▶ Extracted material
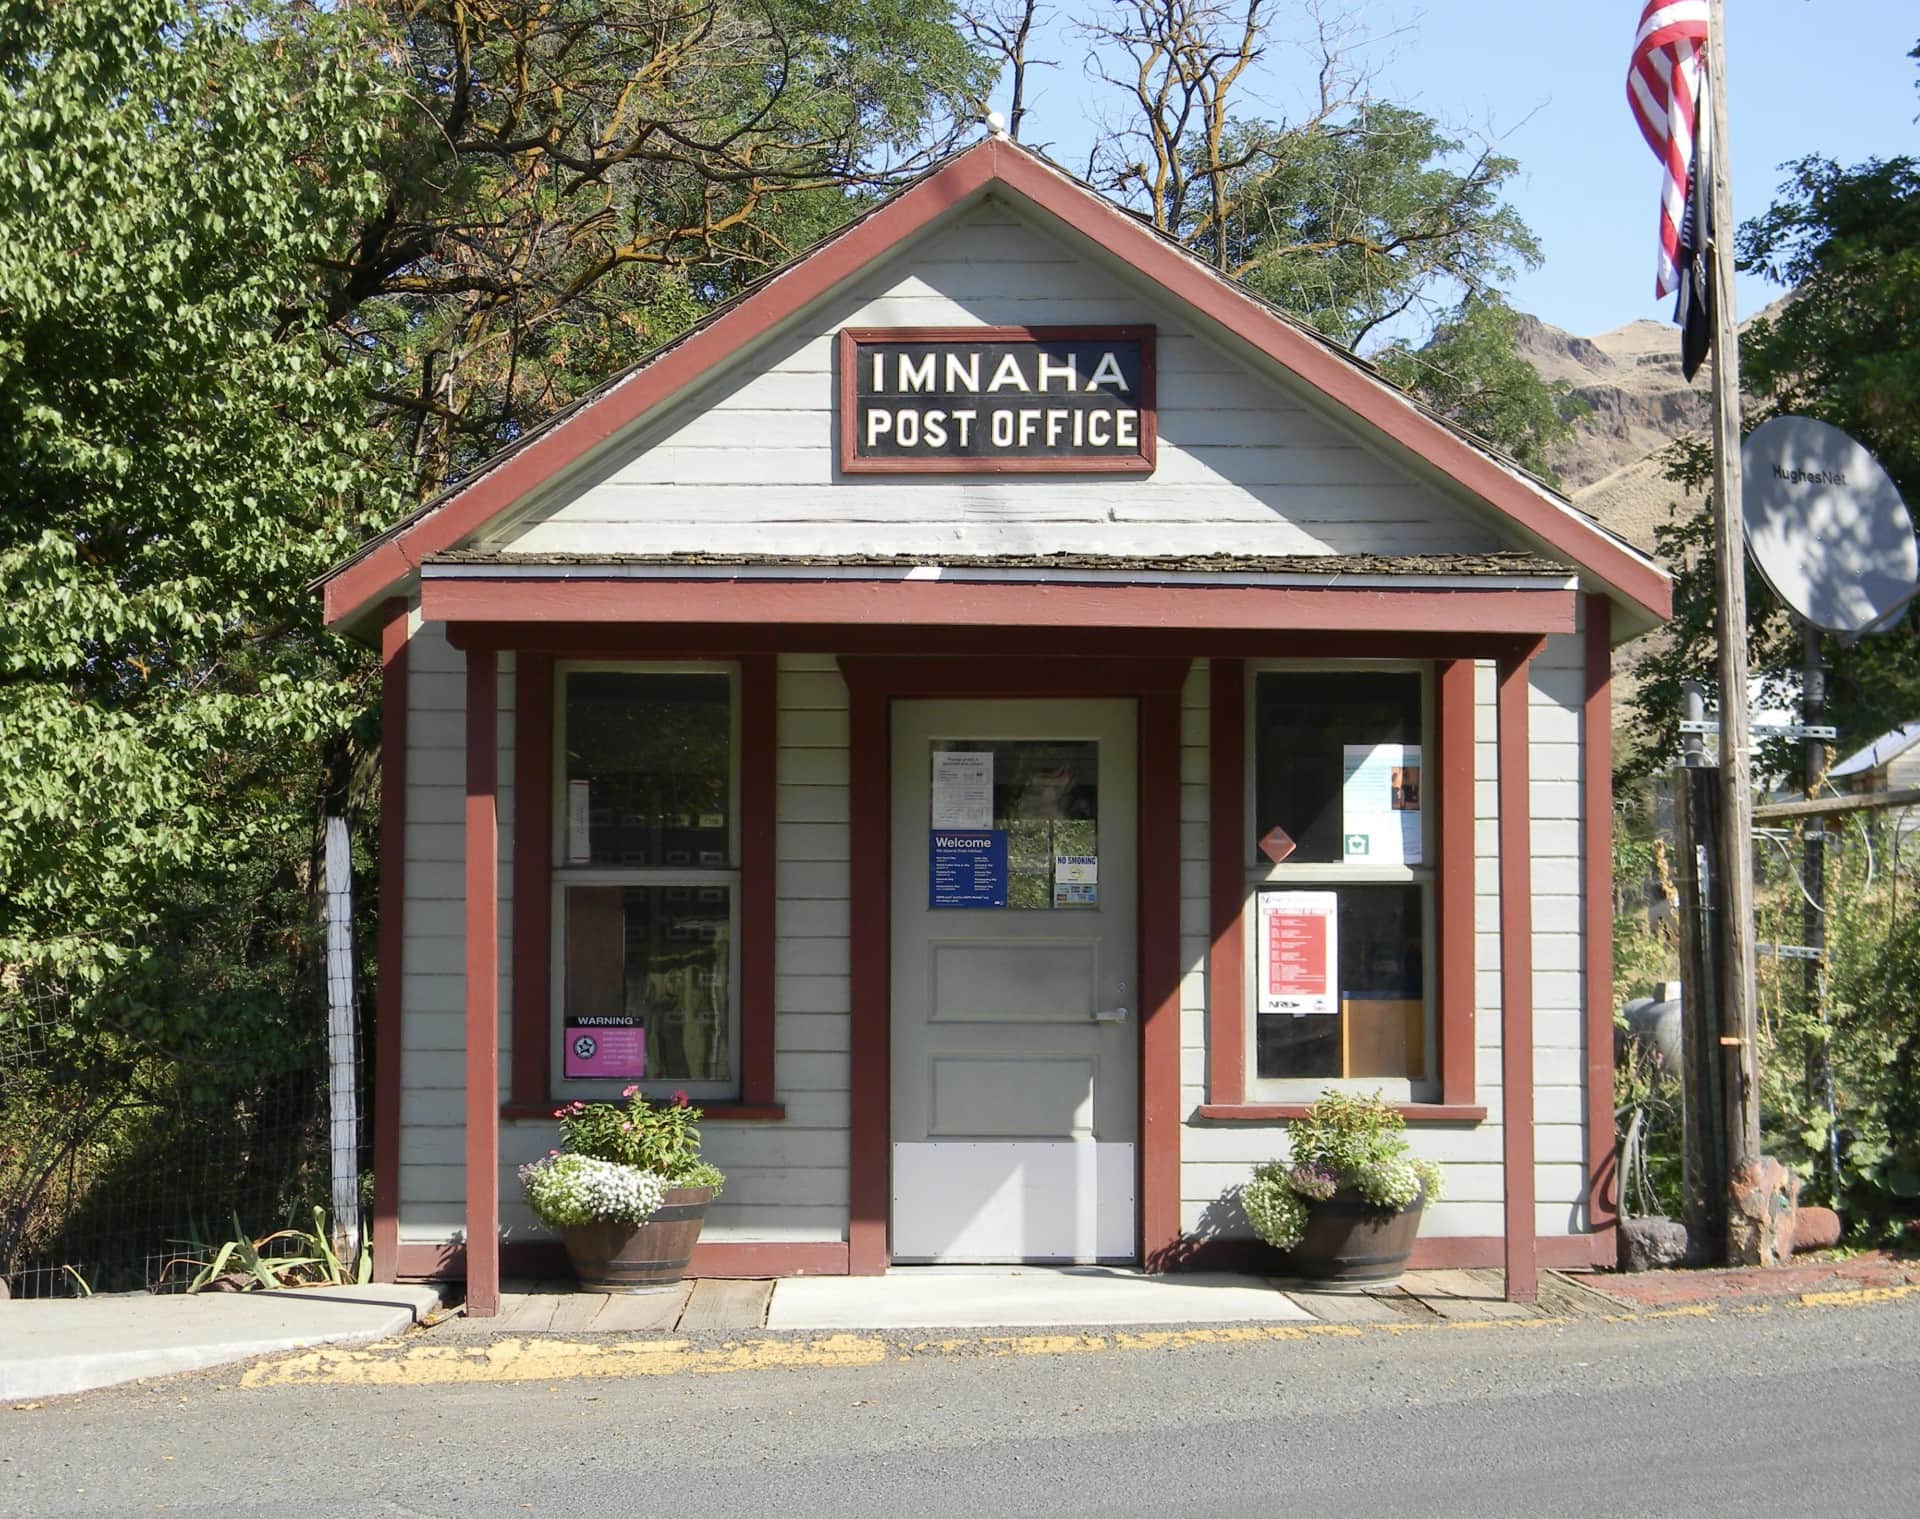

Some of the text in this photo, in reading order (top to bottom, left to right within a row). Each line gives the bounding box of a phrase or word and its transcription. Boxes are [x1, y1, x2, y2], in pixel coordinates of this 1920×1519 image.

[872, 352, 1130, 393] IMNAHA
[866, 408, 1138, 447] POST OFFICE
[1771, 463, 1847, 486] HughesNet
[935, 836, 992, 848] Welcome
[1057, 856, 1096, 865] NO SMOKING
[577, 1016, 634, 1025] WARNING

▶ What you are asked to do
Leaving out any pictures, write the records above out exactly as they are.

▶ Written solution
Some of the text in this photo, in reading order (top to bottom, left to right within a row). Each line gives the bounding box of a phrase or word and its transcription. Boxes are [x1, y1, x2, y2], in pixel coordinates of this 1920×1519 image.

[872, 352, 1130, 393] IMNAHA
[866, 408, 1138, 447] POST OFFICE
[1771, 463, 1847, 486] HughesNet
[935, 836, 992, 848] Welcome
[1057, 856, 1096, 865] NO SMOKING
[577, 1016, 634, 1025] WARNING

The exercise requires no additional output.